[Collected data]
════════════════════

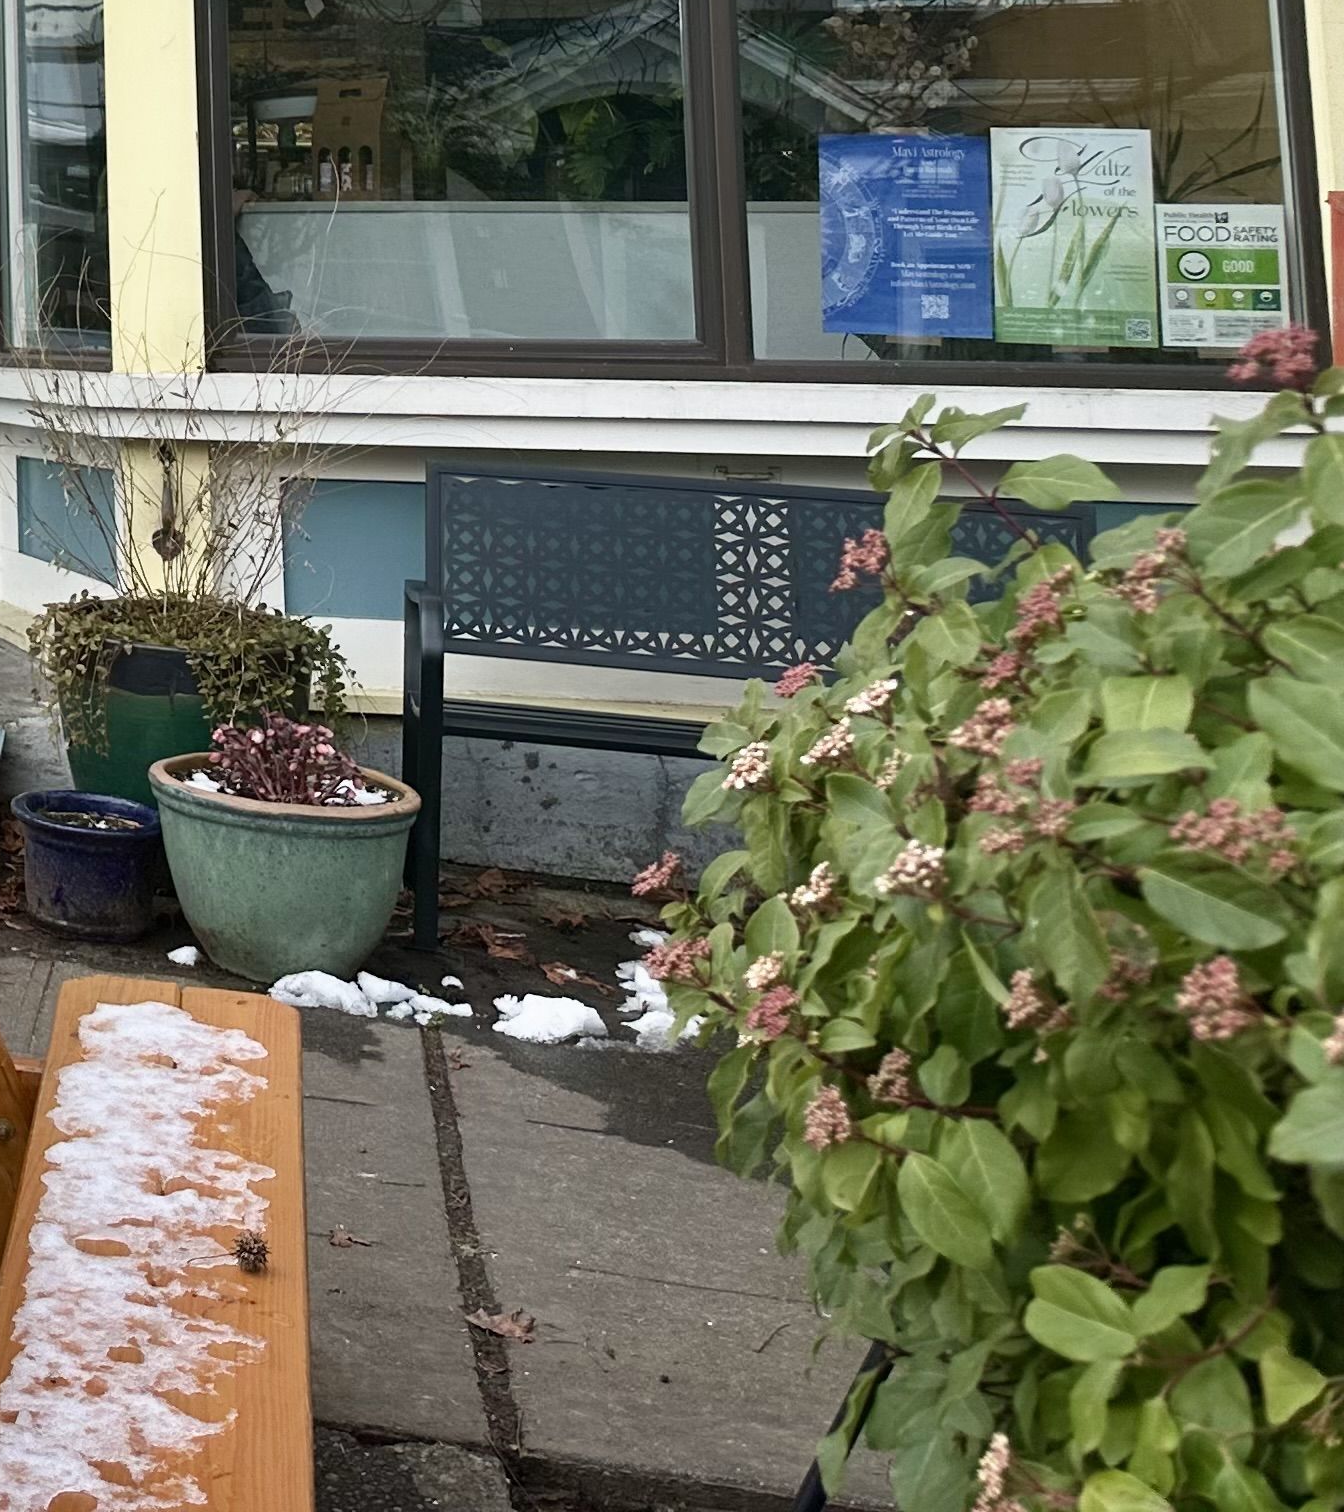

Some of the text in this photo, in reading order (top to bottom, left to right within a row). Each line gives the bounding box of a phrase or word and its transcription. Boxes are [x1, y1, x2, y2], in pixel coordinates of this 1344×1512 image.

[921, 147, 965, 161] Astrology
[1018, 135, 1133, 178] Waltz
[1103, 186, 1137, 197] of the
[1164, 225, 1278, 243] FOOD SAFETY
[1233, 234, 1279, 243] RATING
[1222, 260, 1255, 273] GOOD

════════════════════

TASK GOAL ▸ The expected answer is the complete set of entries, copied verbatim, with no pictures.

WORKED SOLUTION ▸
Some of the text in this photo, in reading order (top to bottom, left to right within a row). Each line gives the bounding box of a phrase or word and its transcription. Boxes are [x1, y1, x2, y2], in pixel coordinates of this 1344×1512 image.

[921, 147, 965, 161] Astrology
[1018, 135, 1133, 178] Waltz
[1103, 186, 1137, 197] of the
[1164, 225, 1278, 243] FOOD SAFETY
[1233, 234, 1279, 243] RATING
[1222, 260, 1255, 273] GOOD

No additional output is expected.